WHAT THE TASK REQUIRES
Reproduce every line below exactly as written; do not include the images.

RECORDS FOR THE TASK

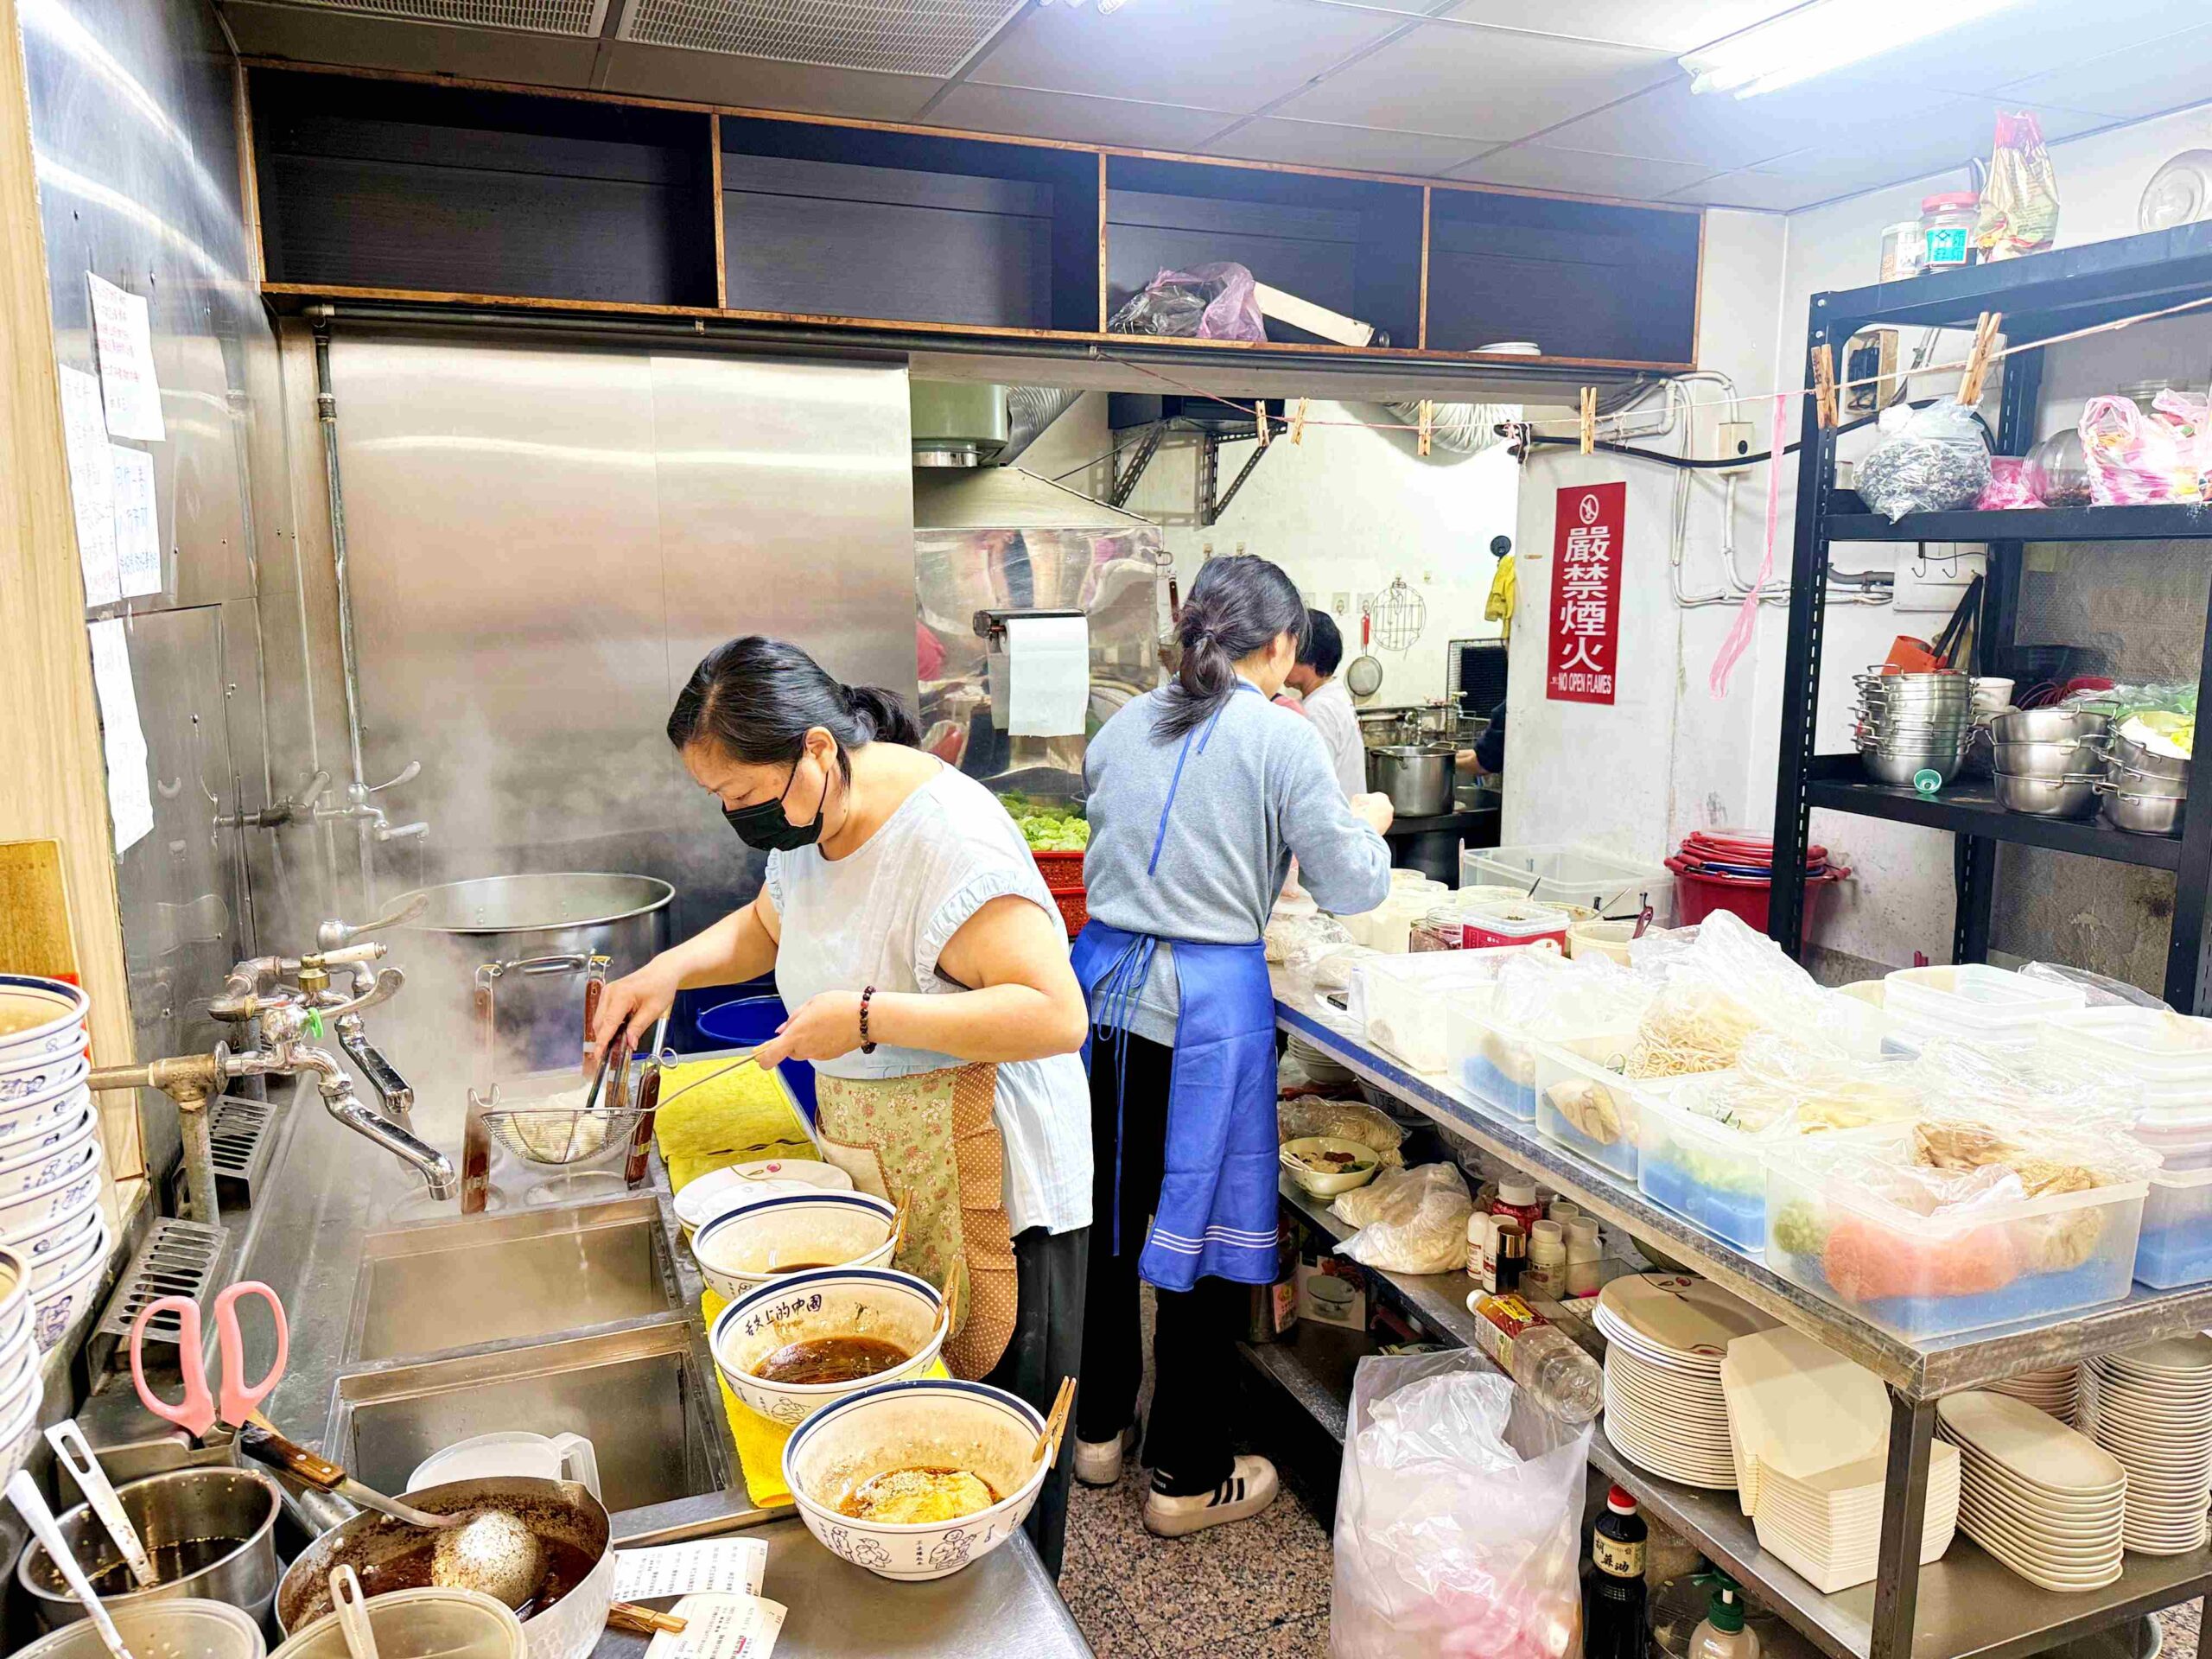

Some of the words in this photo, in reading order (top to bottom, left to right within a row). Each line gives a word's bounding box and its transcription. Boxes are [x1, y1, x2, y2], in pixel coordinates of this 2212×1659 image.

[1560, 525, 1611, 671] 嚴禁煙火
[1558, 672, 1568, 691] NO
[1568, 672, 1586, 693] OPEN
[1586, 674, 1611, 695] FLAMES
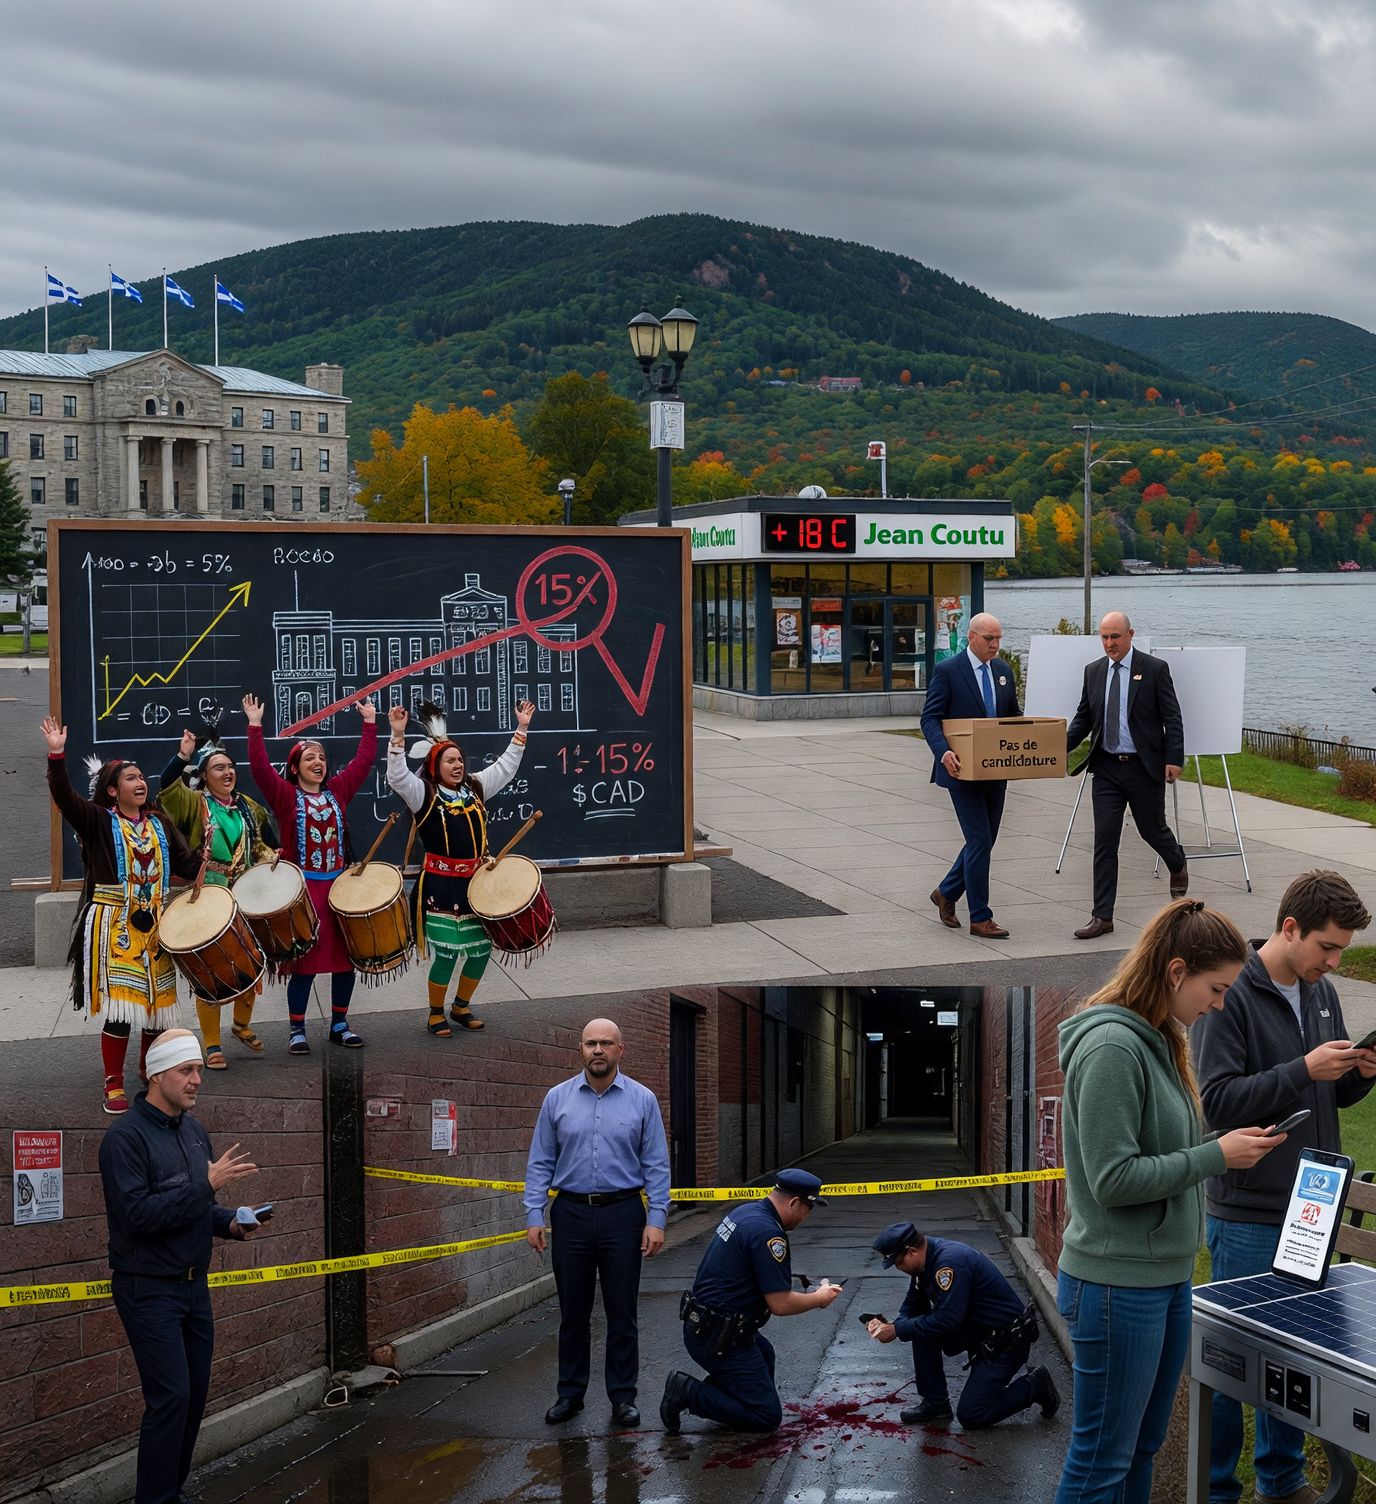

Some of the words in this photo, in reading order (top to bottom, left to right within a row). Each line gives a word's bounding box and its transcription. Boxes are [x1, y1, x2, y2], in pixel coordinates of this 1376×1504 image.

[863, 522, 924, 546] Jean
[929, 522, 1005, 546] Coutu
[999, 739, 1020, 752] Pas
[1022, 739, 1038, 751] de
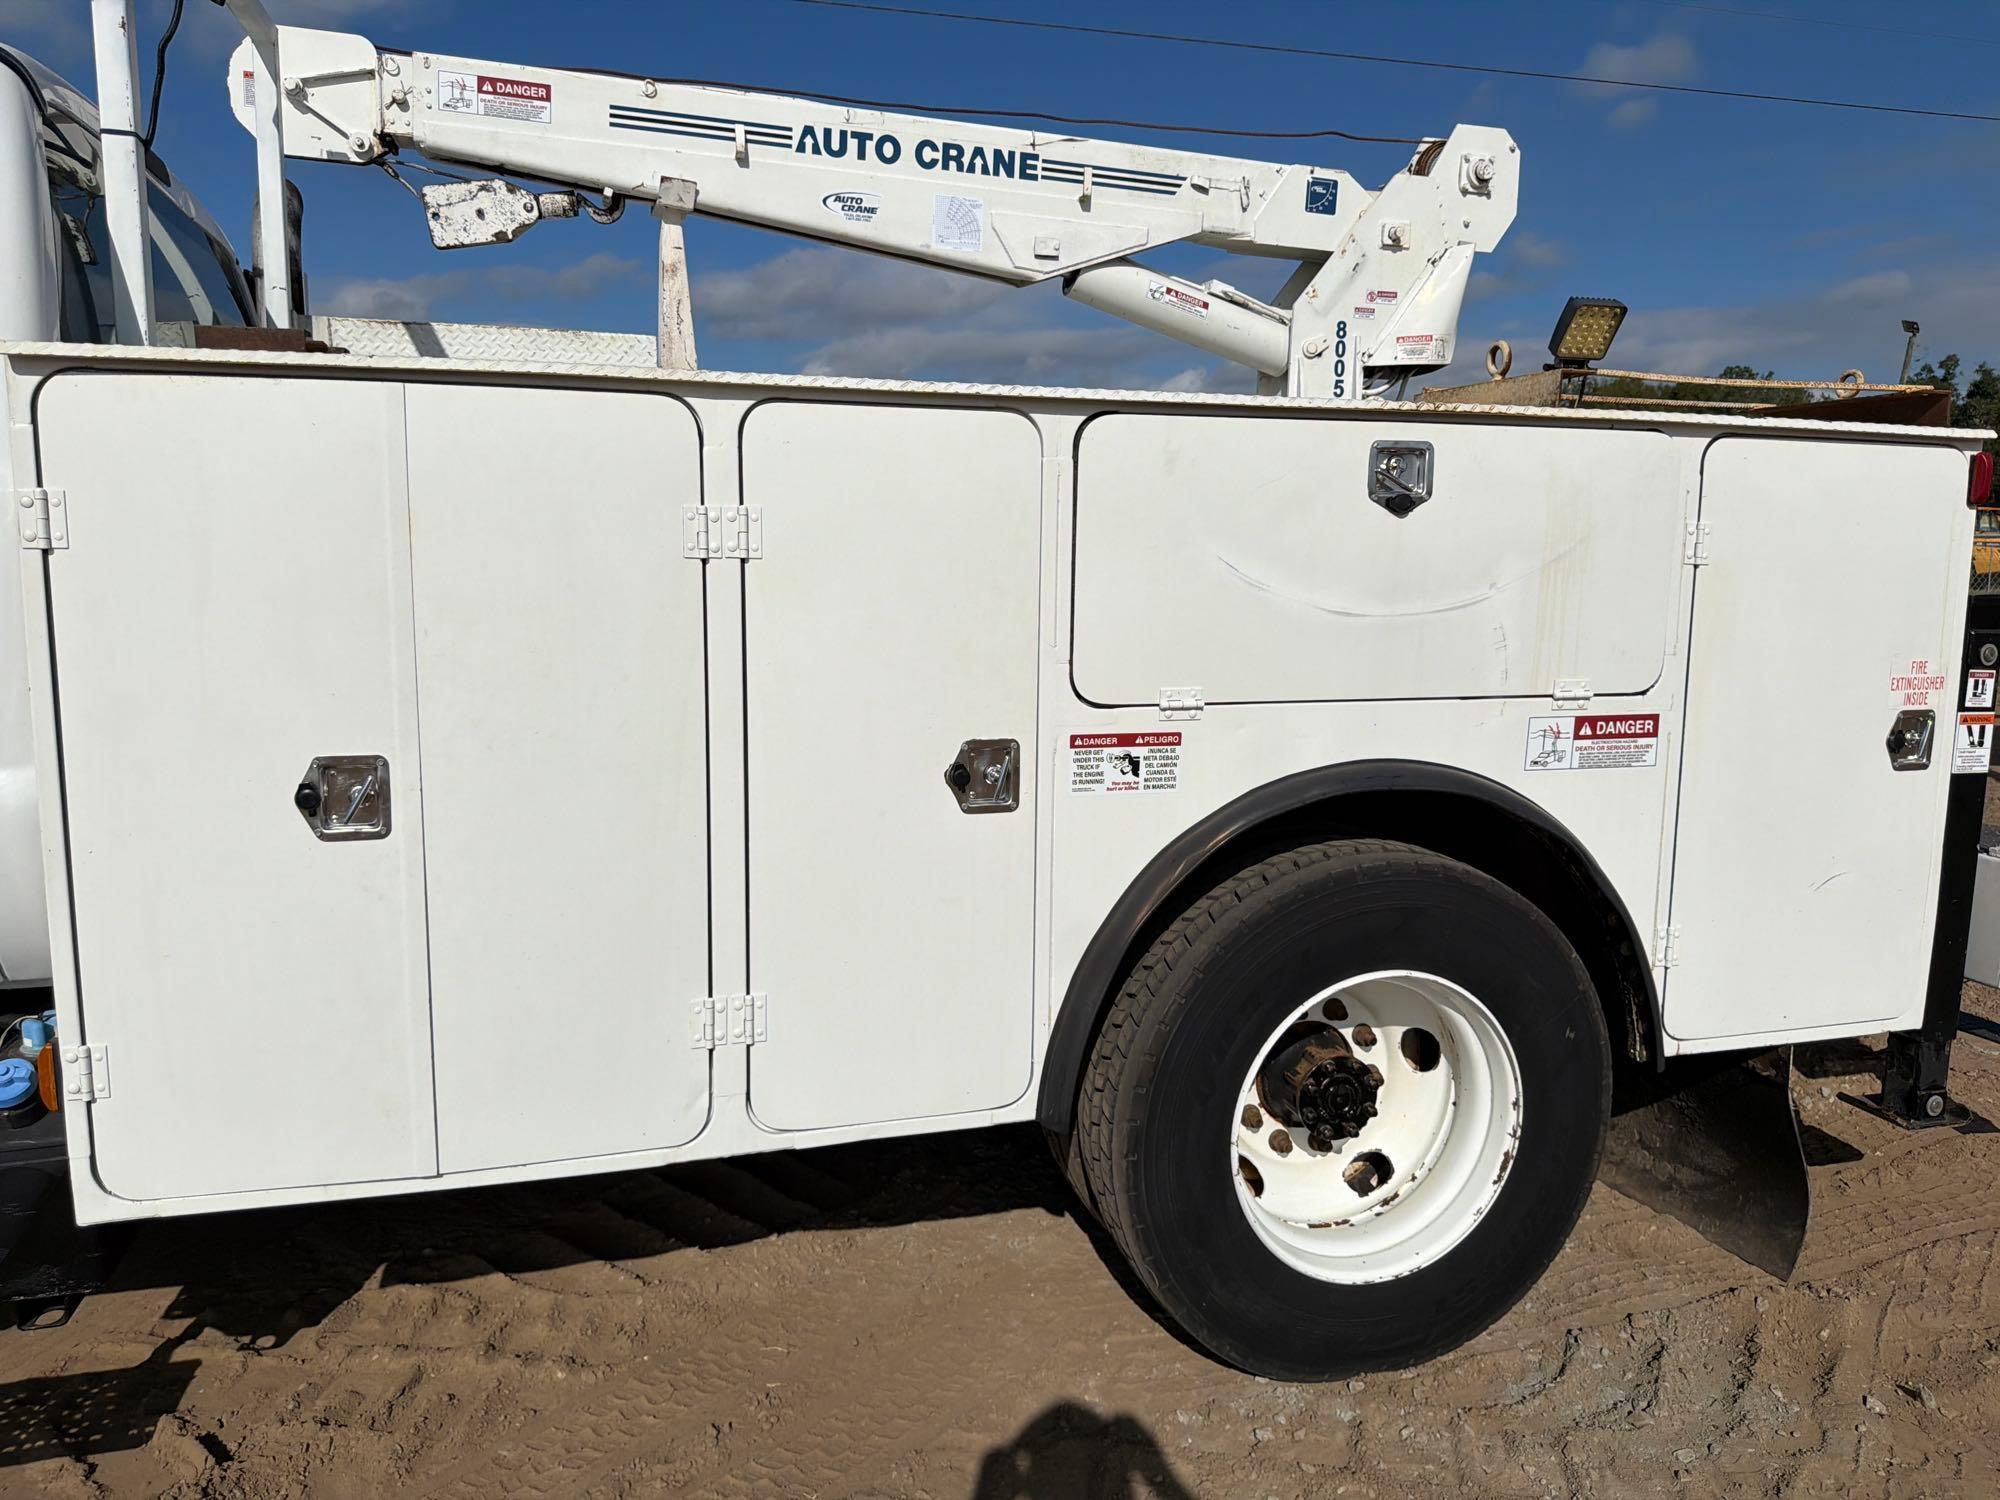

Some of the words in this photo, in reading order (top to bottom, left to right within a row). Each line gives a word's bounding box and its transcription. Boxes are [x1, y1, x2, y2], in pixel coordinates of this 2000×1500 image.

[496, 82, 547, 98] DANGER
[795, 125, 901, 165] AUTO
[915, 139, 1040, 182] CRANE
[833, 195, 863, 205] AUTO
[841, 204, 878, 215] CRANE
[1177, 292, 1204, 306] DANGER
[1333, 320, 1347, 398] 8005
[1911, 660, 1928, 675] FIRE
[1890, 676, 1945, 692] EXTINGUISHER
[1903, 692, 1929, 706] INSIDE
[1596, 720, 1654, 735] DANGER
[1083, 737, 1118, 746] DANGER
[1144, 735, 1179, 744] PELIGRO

THE ANSWER
Some of the words in this photo, in reading order (top to bottom, left to right within a row). Each line gives a word's bounding box and its transcription. Boxes are [x1, y1, x2, y2], in pixel coordinates of this 2212×1659 image.

[1560, 525, 1611, 671] 嚴禁煙火
[1558, 672, 1568, 691] NO
[1568, 672, 1586, 693] OPEN
[1586, 674, 1611, 695] FLAMES

Some of the words in this photo, in reading order (top to bottom, left to right within a row). Each line gives a word's bounding box and its transcription. Boxes are [x1, y1, x2, y2], in pixel coordinates of this 1376×1504 image.

[863, 522, 924, 546] Jean
[929, 522, 1005, 546] Coutu
[999, 739, 1020, 752] Pas
[1022, 739, 1038, 751] de

Some of the words in this photo, in reading order (top to bottom, left to right within a row). Each line gives a word's bounding box and its transcription. Boxes are [x1, y1, x2, y2], in pixel coordinates of this 2000×1500 image.

[496, 82, 547, 98] DANGER
[795, 125, 901, 165] AUTO
[915, 139, 1040, 182] CRANE
[833, 195, 863, 205] AUTO
[841, 204, 878, 215] CRANE
[1177, 292, 1204, 306] DANGER
[1333, 320, 1347, 398] 8005
[1911, 660, 1928, 675] FIRE
[1890, 676, 1945, 692] EXTINGUISHER
[1903, 692, 1929, 706] INSIDE
[1596, 720, 1654, 735] DANGER
[1083, 737, 1118, 746] DANGER
[1144, 735, 1179, 744] PELIGRO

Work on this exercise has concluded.